Hypothalamic & Pituitary Hormones and Their Target Organs
- The hypothalamus produces hormones including: GnRH, CRH, TRH, PRH, and GHRH, plus the inhibiting hormone Dopamine
- GnRH affects the anterior pituitary
- CRH affects the anterior pituitary
- TRH affects the anterior pituitary
- Prolactin affects the anterior pituitary
- Dopamine, from the Hypothalamus, inhibits the anterior pituitary
- GHRH affects the anterior pituitary
- Somatostatin, from the Hypothalamus, inhibits the anterior pituitary
- FSH/LH is relased from the anterior pituitary
- ACTH is released from the anterior pituitary
- TSH is released from the anterior pituitary
- Prolactin is released from the anterior pituitary
- GH is released from the anterior pituitary
- ADH is released from the posterior pituitary
- Oxytocin is released from the posterior pituitary
- FSH/LH target the gonads
- ACTH targets the adrenal cortex
- TSH targets the thyroid
- Prolactin targets the mammary glands
- GH targets the lover and the whole body
- ADH targets the kidney
- Qytocin targets the mammary gland
Anterior Hypophysis Drugs
- Target the anterior hypophysis gland
- This focuses on the mechanism of action of these drugs
- The drugs included modulate GH (Growth Hormone), affect Prolactin, and target the Posterior Hypophysis
Growth Hormone and Related Drugs
- Agonists include: Somatotropin (recombinant GH), Somapacitam (GH analog), Mecasermin (recombinant IGF-1, Macimorelin (ghrelin agonist)
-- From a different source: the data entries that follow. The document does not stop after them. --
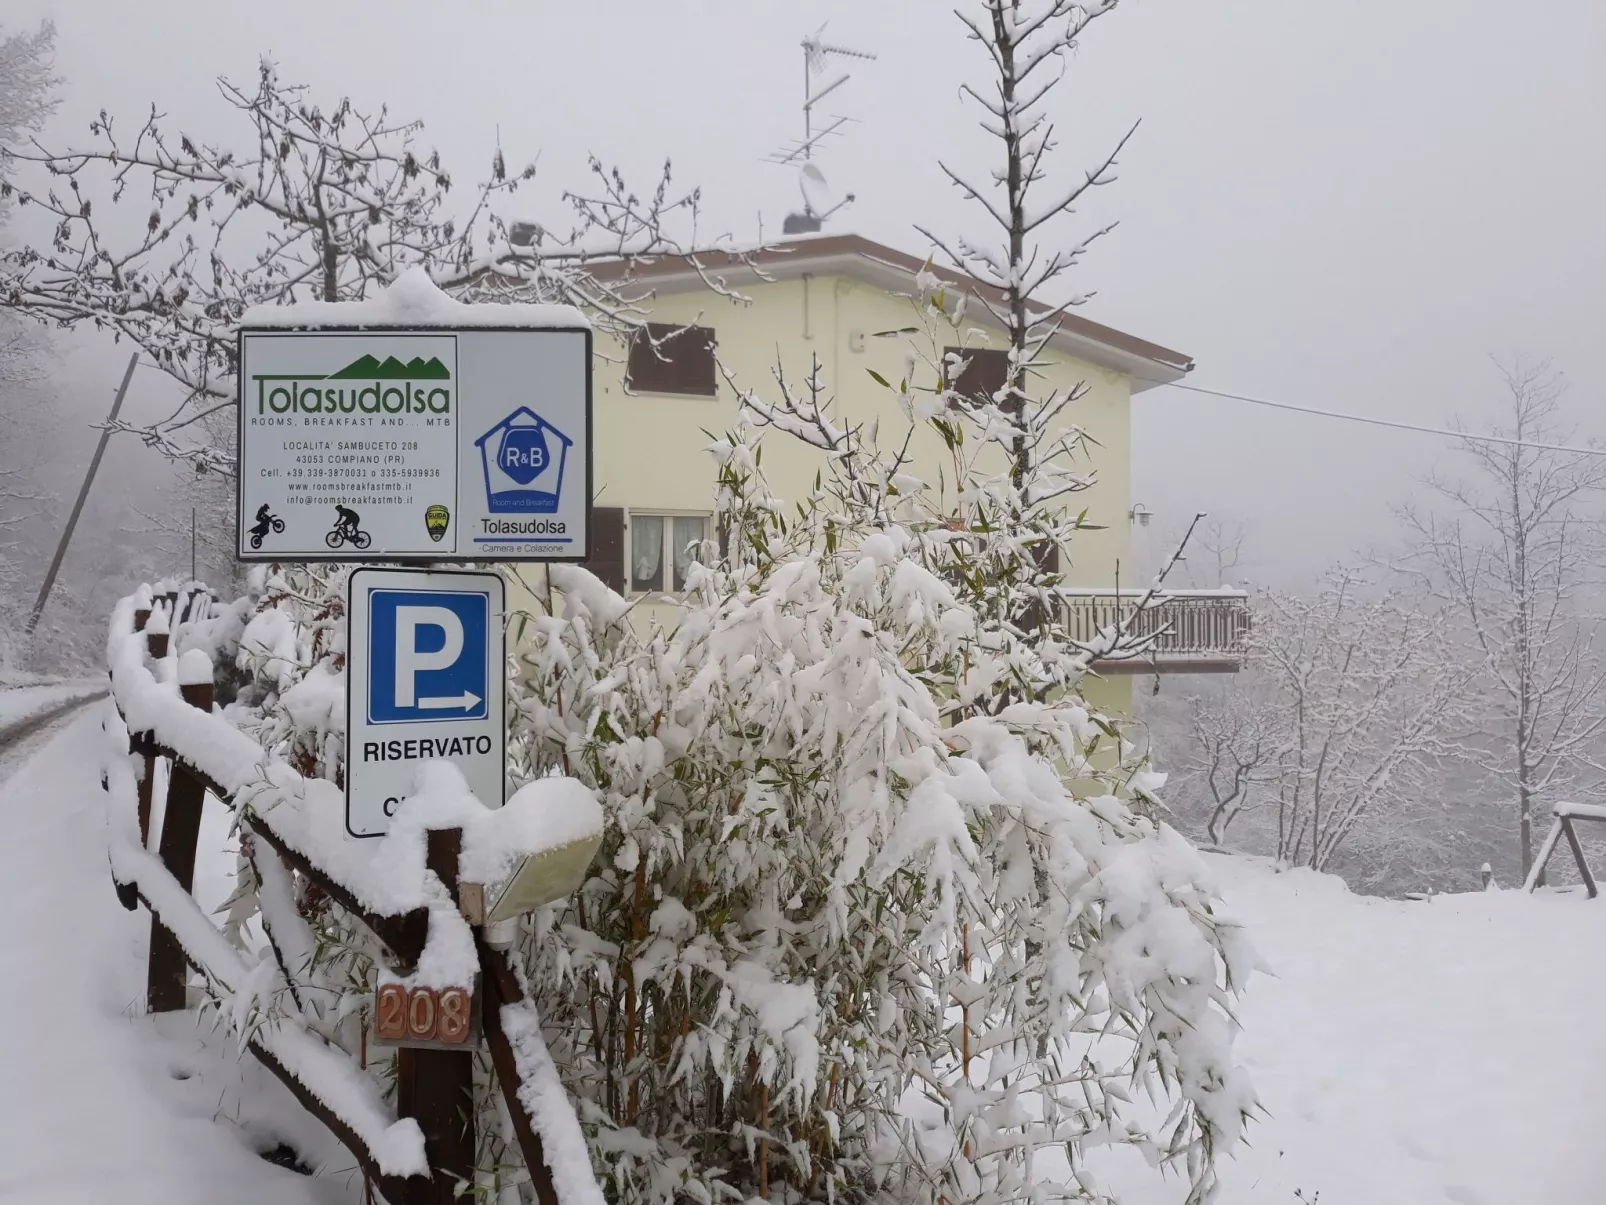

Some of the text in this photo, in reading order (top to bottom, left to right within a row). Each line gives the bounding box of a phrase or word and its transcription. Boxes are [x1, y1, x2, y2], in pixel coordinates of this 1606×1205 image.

[252, 375, 450, 414] Tolasudolsa
[251, 418, 298, 427] ROOMS,
[304, 418, 373, 426] BREAKFAST
[426, 418, 451, 426] MTB
[283, 441, 418, 450] LOCALITA' SAMBUCETO 208
[296, 455, 405, 465] 43053 COMPIANO (PR)
[506, 447, 543, 467] R&B
[260, 469, 282, 477] Cell.
[288, 482, 412, 491] www.roomsbreakfastmtb.it
[286, 496, 413, 505] info@roomsbreakfastmtb.it
[481, 519, 566, 534] Tolasudolsa
[482, 545, 514, 553] Camera
[525, 545, 563, 553] Colazione
[394, 605, 465, 708] P
[363, 735, 492, 762] RISERVATO
[380, 988, 461, 1036] 208
- Antagonists include: Somatostatin analogs (Somatostatin, Octreotide , Lanreotide, Pasireotide), and GH Receptor antagonist (Pegvisomant)
Prolactin Antagonist
- A dopamine Receptor agonist, these include: Bromocriptine, Cabergoline, Quinagolide (non-ergot)
Oxytocin Hormone
- Agonist is Oxytocin
- Antagonist is Atosiban
Anti-Diuretic Hormone
- Agonists are: Vasopressin, Desmopressin
- Antagonists are: Conivaptan, Tolvaptan
GH Agonist Mechanism of Actions
- The first step is the binding and dimerization of the GHR (Growth Hormone Receptor)
- Activation and phosphorylation of the GHR-associated JAK2 tyrosine kinase follows
- Recruitment and activation of MAP kinases, IR substrates, PIEK, DAG, PKC, Intracellular CA2+, and STAT transcription factors.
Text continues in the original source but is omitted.